Entré a la biblioteca, antigua capilla del convento donde se instaló la Facultad, rodeada de laureles y parrales, con una fuente circular al frente. Subí a la sala de lectura y me metí en uno de los cubículos rectangulares, sin ventanas. Él entró poco después, junto con otros compañeros. Preparábamos un póster para el Congreso de Antropología Latinoamericana.
Yo hacía esfuerzos por parecer concentrada en recortar y pegar, mientras me perdía mirando sus ojos negros y su boca, el pelo desordenado. Trabajábamos inclinados sobre la mesa, frente a frente. Yo sentía su aliento a café, respirando sobre mí.
Levanté la vista y él estaba ahí, mirándome fijo, tan cerca que podría haberlo besado. Hoy iba a ser el día.
De repente, entró Adriana, la directora del proyecto, con su pollera larga y su chaleco a cuadros, el pelo con permanente, y su vocecita.
-¿Cómo van?
Me miró con la envidia de sus viejos treinta y tres años, con la certeza atravezada en su corazón, recordando el apartamento que le había comprado su padre, el previsor, que conocía a su hija y no creía que fuera a conseguir marido.
Miró a Martín como siempre lo hacía, con cara de melancolía y amor maternal, todo junto, y con la impotencia de saber que él no la deseaba. No dijo nada y se fue. Sabía que estaba de más.
A mediodía almorzamos con otros amigos. Yo intentaba disimular el temblor de mis manos mientras cortaba la tarta, o para tomar el vaso de la mesa. Cuando salimos de la cantina, él caminaba tan cerca, detrás de mío, que pisó el taco de mi sandalia y la rompió. Me hablaba con una voz tan suave que podía adivinar su exitación.
-Disculpame
-No pasa nada
Pasamos toda la tarde deseando tocarnos.
Llegó la hora de irse. Las eternas cuadras hasta la parada, siempre con gente alrededor, la charla, las bromas, formaban el escenario de la expectativa y las ganas contenidas.
Ya eran las cinco y media.
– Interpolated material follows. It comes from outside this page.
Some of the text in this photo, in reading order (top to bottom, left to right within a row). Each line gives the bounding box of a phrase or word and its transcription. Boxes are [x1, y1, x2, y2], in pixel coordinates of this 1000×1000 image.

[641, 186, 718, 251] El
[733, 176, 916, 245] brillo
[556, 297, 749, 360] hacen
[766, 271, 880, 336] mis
Bajamos juntos, en la parada de siempre: Rivera, frente al Zoológico. Pero esta vez doblamos por La Gaceta, hacia la rambla. Llegamos a la puerta de un hotel, de paredes rosadas y puertas marrones. En esa esquina, alejada del tránsito, surgió la conversación obligada.
-¿Estás segura?
-Sí
-Mirá, yo no estoy enamorado, no te quiero lastimar
-No sé, entonces mejor no
-¡No! ¿Cómo me vas a decir primero que sí y después que no? me muero...
-Está bien, vamos.
No me importaba nada más. En ese momento quería tener su piel pegada a la mía, sudar juntos y sentirlo entrar en mí.
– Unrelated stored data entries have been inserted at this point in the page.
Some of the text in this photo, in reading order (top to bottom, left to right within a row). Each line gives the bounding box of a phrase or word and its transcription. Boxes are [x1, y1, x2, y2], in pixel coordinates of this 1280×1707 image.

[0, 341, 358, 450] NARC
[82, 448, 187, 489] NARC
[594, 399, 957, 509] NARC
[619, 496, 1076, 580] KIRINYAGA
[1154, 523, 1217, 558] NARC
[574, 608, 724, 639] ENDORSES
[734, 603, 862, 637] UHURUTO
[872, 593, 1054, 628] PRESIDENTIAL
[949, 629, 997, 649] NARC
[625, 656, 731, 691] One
Atravesamos un pasillo oscuro, y subimos una escalera alfombrada, apenas iluminada con lucecitas rojas en los escalones. Estábamos nerviosos. Llegamos a una habitación también en penumbra. Una cama circular hacía la situación más extraña. El olor a incienso era fuerte, pero pronto se desvanceció, cuando empezamos a besarnos. Fueron besos eternos. Mi lengua lamía sus labios y su lengua y más me humedecía. Cerrábamos los ojos y los abríamos, sintonizados. Al fin lo tenía, sintiéndolo todo pegado a mí.
Rápidamente me desnudó. Yo sentía su pecho, sus piernas calientes, su sexo duro contra mí. Luego posó apenas sus dedos sobre el clítoris mojado, sólo un toque, y después sin equivocaciones, empezó a remontar camino hacía mi interior. El viaje fue rápido, lo esperábamos hacía años, y llegamos juntos, mientras el mundo se esfumaba en ese orgasmo.
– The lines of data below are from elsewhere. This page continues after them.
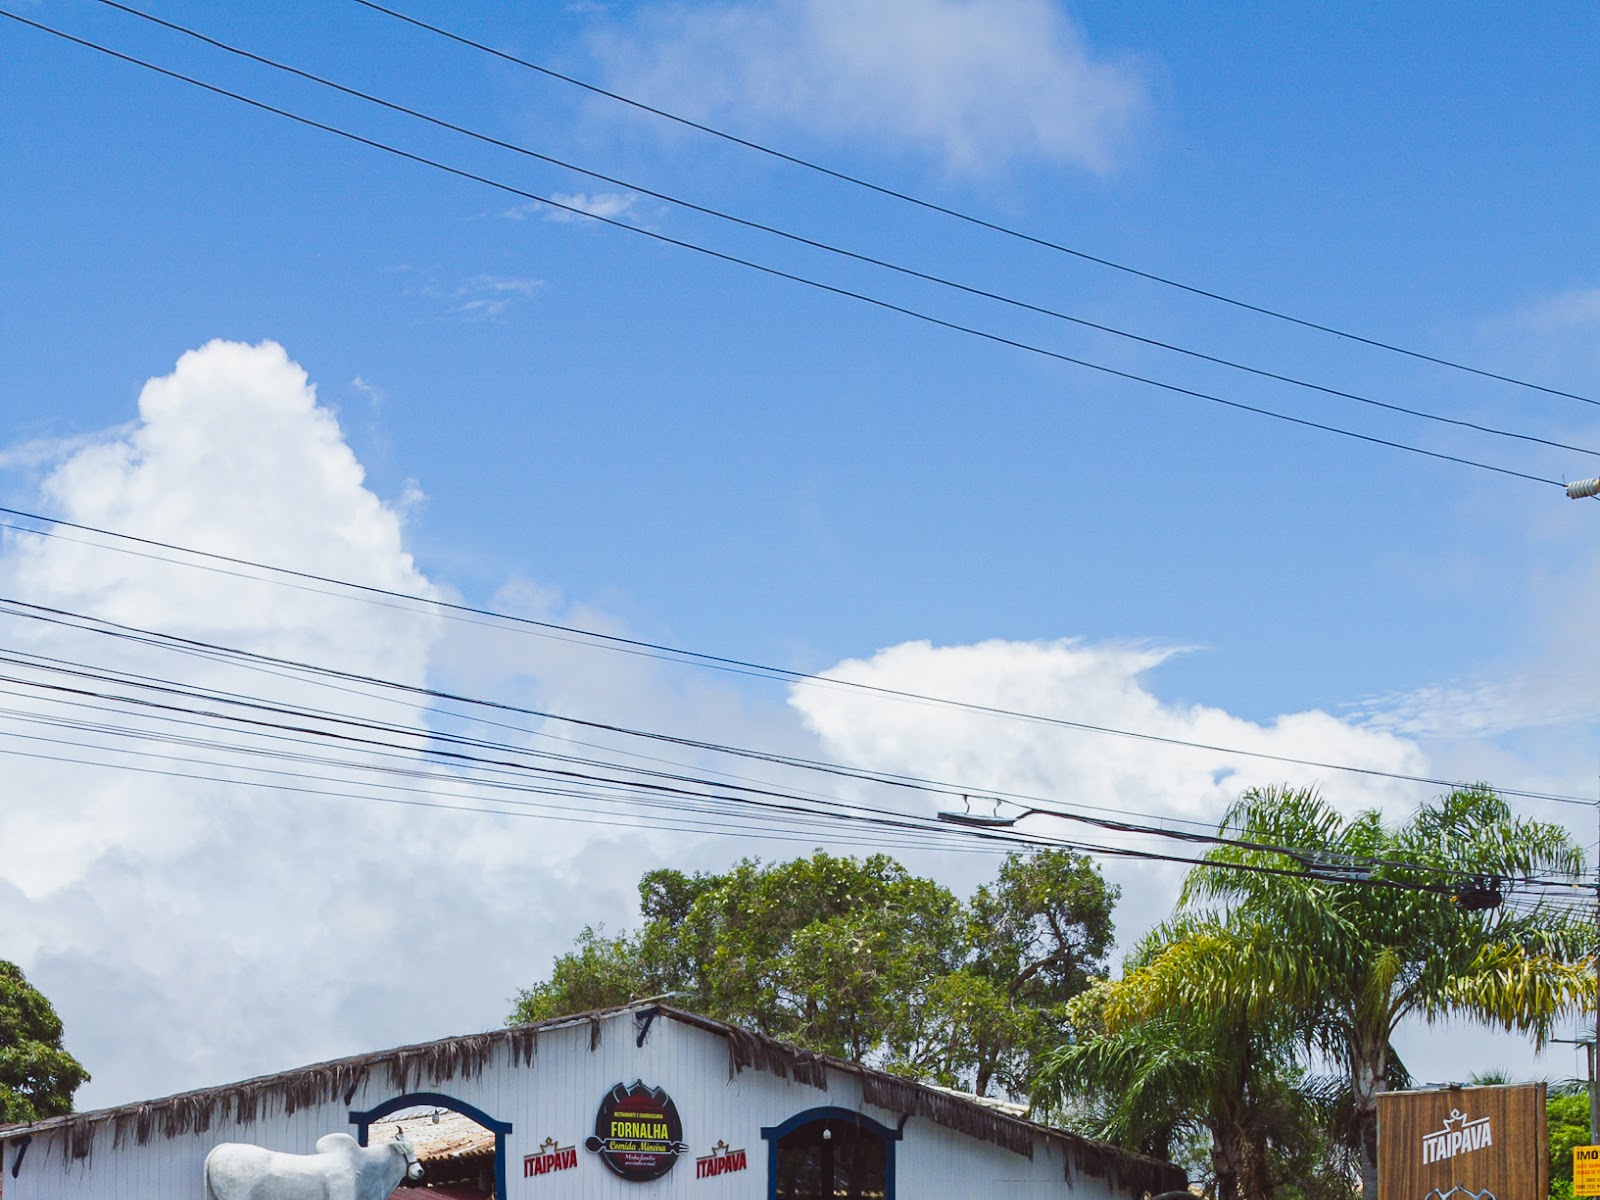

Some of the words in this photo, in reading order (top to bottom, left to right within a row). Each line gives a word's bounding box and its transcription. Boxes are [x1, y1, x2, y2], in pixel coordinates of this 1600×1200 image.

[611, 1121, 669, 1139] FORNALHA
[609, 1140, 636, 1151] Comida
[638, 1142, 666, 1152] Mineira
[1422, 1122, 1493, 1165] ITAIPAVA
[1577, 1148, 1600, 1160] IMÓ
[524, 1149, 578, 1178] ITAIPAVA
[697, 1151, 747, 1180] ITAIPAVA
Después, un momento perfecto. Estábamos libres y relajados. Él me besaba por debajo del ombligo, una piel entonces bronceada y firme, con algunos vellos rubios, que llegaban hasta el pubis. No existía el tiempo, aunque no teníamos mucho. Pronto volveríamos al mundo real.
Esa noche no me sentí una infractora. Estaba demasiado felíz y cansada. Resonaban la paz y el silencio en mi cabeza. Y mi cuerpo flotando en el sofá, mientras en la televisión daban Footloose, y me devolvía a mí misma, muchos años atrás.

Antes

Martín tenía veintisiete años y yo, veinticinco, entonces. Había sido la primera pasión puramente sexual de mi vida. Sin sentimentalismos. Cada uno tenía su pareja. Nos creíamos taan adultos. Pero, un año y medio después de desearnos en cada palabra y en cada mirada, una tarde, antes de la primavera, me pareció ver amor en sus ojos. Tratando de disimular la sorpresa, sentí algo líquido, cayendo al vacío, dentro mi vientre. En ese segundo, en otro 128 lleno de gente, detenido en el semáforo frente al Parque Rodó, me enamoré. Siempre algo arruina la perfección.

Mucho después

Vuelvo a Montevideo después de doce años, con Javi, mi segundo marido, y mi hija Angela. Ya no tengo mi lugar aquí, vendimos el apartamento del BHU al separarnos con Guillermo, un tiempo después de vivir en Madrid.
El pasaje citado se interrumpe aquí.